Selama ini, Kabupaten Hulu Sungai Tengah, satu-satunya daerah yang tak terdapat perizinan pertambangan maupun perkebunan sawit.

Luasan izin tambang batubara itu seluas 1.398,78 hektar merupakan hutan sekunder, pemukiman 51,60 hektar, sawah 147,40 hektar, dan sungai 63,12 hektar. Ia berada di hamparan Pegunungan Meratus. Di Kalsel sendiri, MCM menguasai lahan seluas 5.900 hektar.

Sebelum majelis hakim memutuskan perkara, pada Juli lalu, ada pemeriksaan lapangan. Sidang bergulir sejak 4 April.

Andi Muttaqien, kuasa hukum warga mengatakan, soal kompetensi absolut itu harusnya diputus dalam putusan sela karena hakim menyatakan dalam proses persidangan ada keperluan memeriksa pembuktian dari tergugat dan tergugat intervensi maka dilakukan di akhir persidangan.

“Majelis hakim menyatakan, ini satu kesatuan dengan kontrak karya sebelum keluar putusan ini. Jadi hakim menganggap, tak bisa memutus di awal. Setelah proses panjang, baru kompetensi absolut itu diputus di belakang. Wilayah abu-abu. Itu yang jadi permasalahannya,” katanya.

 

Keindahan alam di Lembah Pegunungan Meratus di Kabupaten Hulu Sungai Tengah, Kalsel, yang terancam tambang batubara PT.MCM. Foto: Tommy Apriando/ Mongabay Indonesia

 

Menurut Andi, hakim mengakui ada perubahan rezim dari kontrak karya dan keluar UU pertambangan baru tetapi tak utuh mengatakan semua perizinan harus mengikuti ketentuan rezim baru.

“Dia bilang, rezim perizinan harus tunduk pada hukum publik tetapi dia masih membuka kemungkinan kontrak karya adalah perdata. Itu yang menurut saya tidak konsisten.”

Dalam UU Tata Usaha Negara, ada ketentuan yang dikecualikan yakni keputusan, SK atau perbuatan perdata. Jadi gugatan seharusnya di Pengadilan Negeri.

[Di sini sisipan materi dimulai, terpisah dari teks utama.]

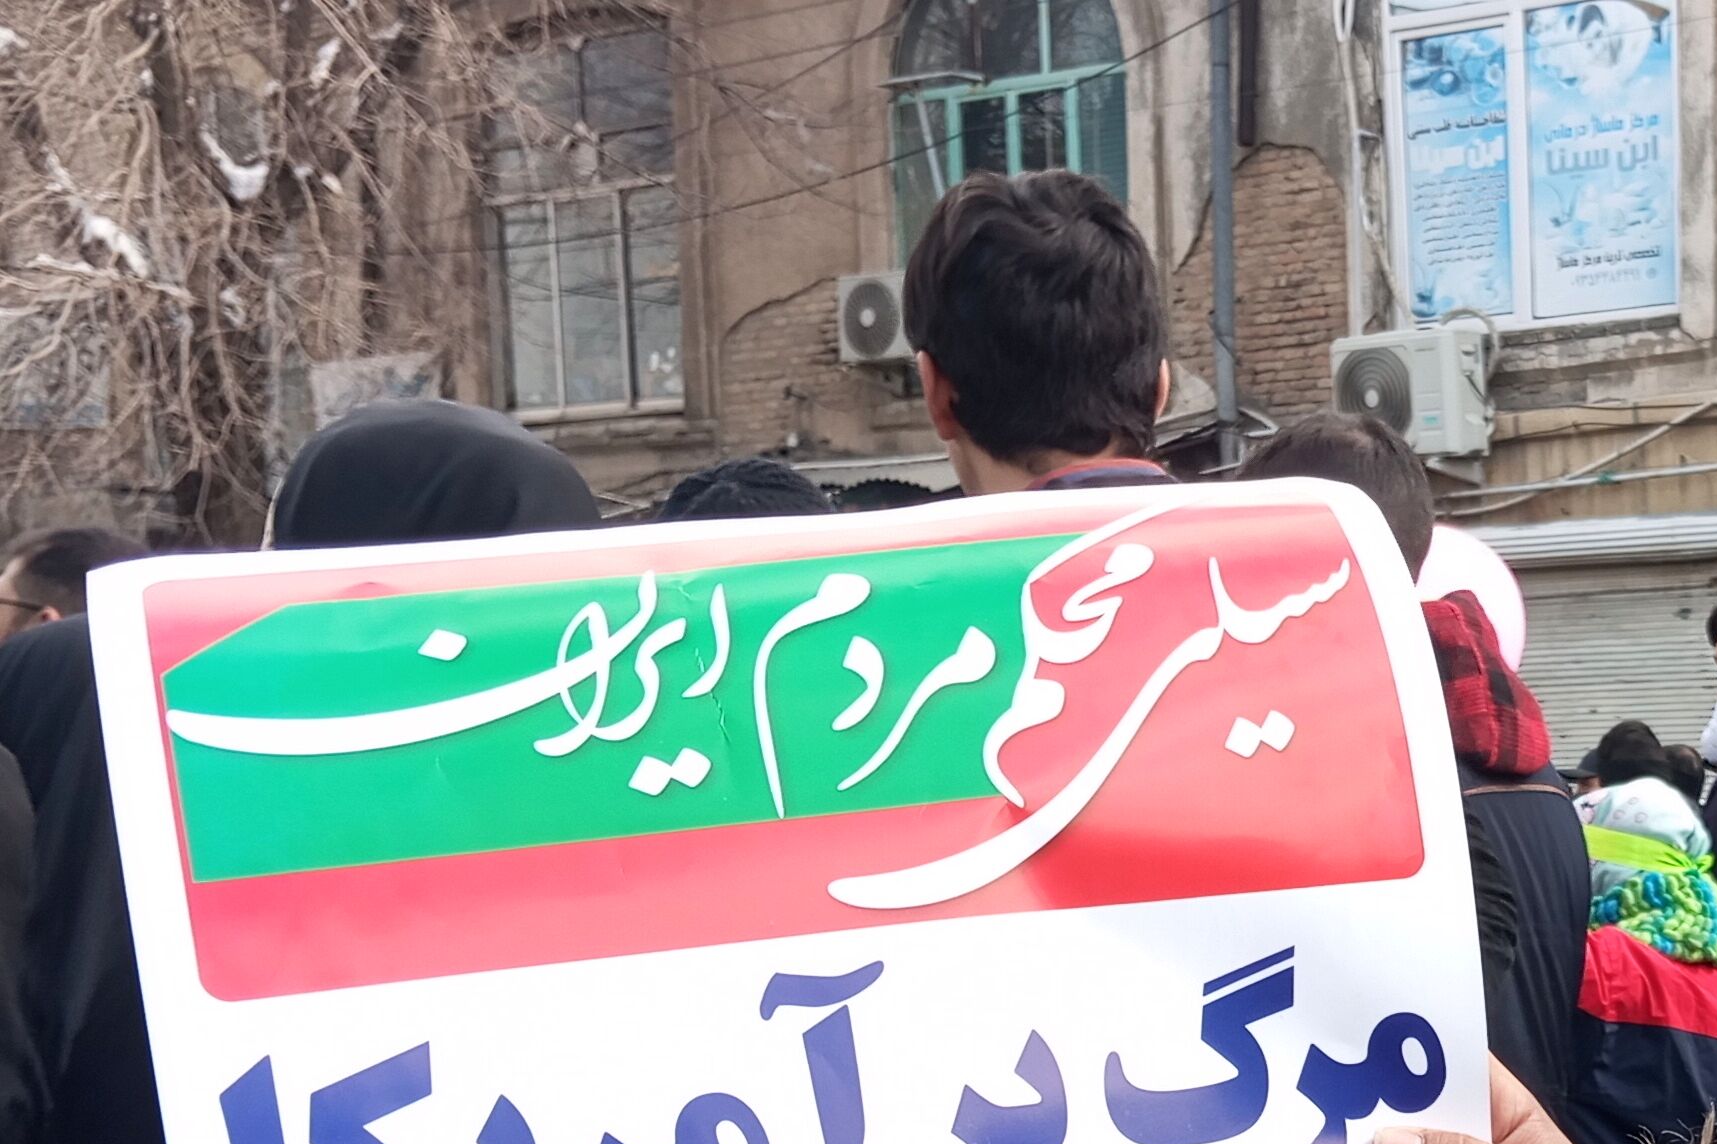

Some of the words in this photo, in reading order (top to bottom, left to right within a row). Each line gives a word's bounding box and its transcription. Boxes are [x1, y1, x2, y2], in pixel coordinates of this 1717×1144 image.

“Langkah selanjutnya tergantung masyarakat, Walhi dan pemerintah daerah. Menurut saya pribadi, pilihan menggugat di pengadilan negeri bisa diambil. Kita juga banding putusan ini.”

Khalisah Khalid, Kepala Departemen Kampanye dan Perluasan Jaringan Walhi Nasional menyayangkan, putusan majelis hakim. Sejak awal, gugatan Walhi SK Menteri ESDM. Dengan begitu, kata Alin, panggilan akrabnya, kewenangan ada di PTUN.

“Hanya kemudian mereka menarik ini ke kontrak karya. Meskipun menurut kami rezim kontrak karya memang sudah diakhiri dengan IUPK (izin usaha pertambangan khusus-red). Ini yang kami sesalkan.”

Seharusnya, kata Alin, karena pemeriksaan lapangan sudah jalan dan majelis hakim telah mengetahui permasalahan lapangan, mestinya bisa jadi pertimbangan jernih. “Dalam rezim perizinan apapun, konstituen terbesar adalah suara masyarakat harus jadi pertimbangan. Praktiknya, suara masyarakat diabaikan.”

Dalam kasus MCM, katanya, masyarakat bahkan pemerintah daerah juga menolak perusahaan. Kabupaten ini, merupakan garda terakhir dari perlindungan ekosistem dan fungsi ekologis di Kalsel.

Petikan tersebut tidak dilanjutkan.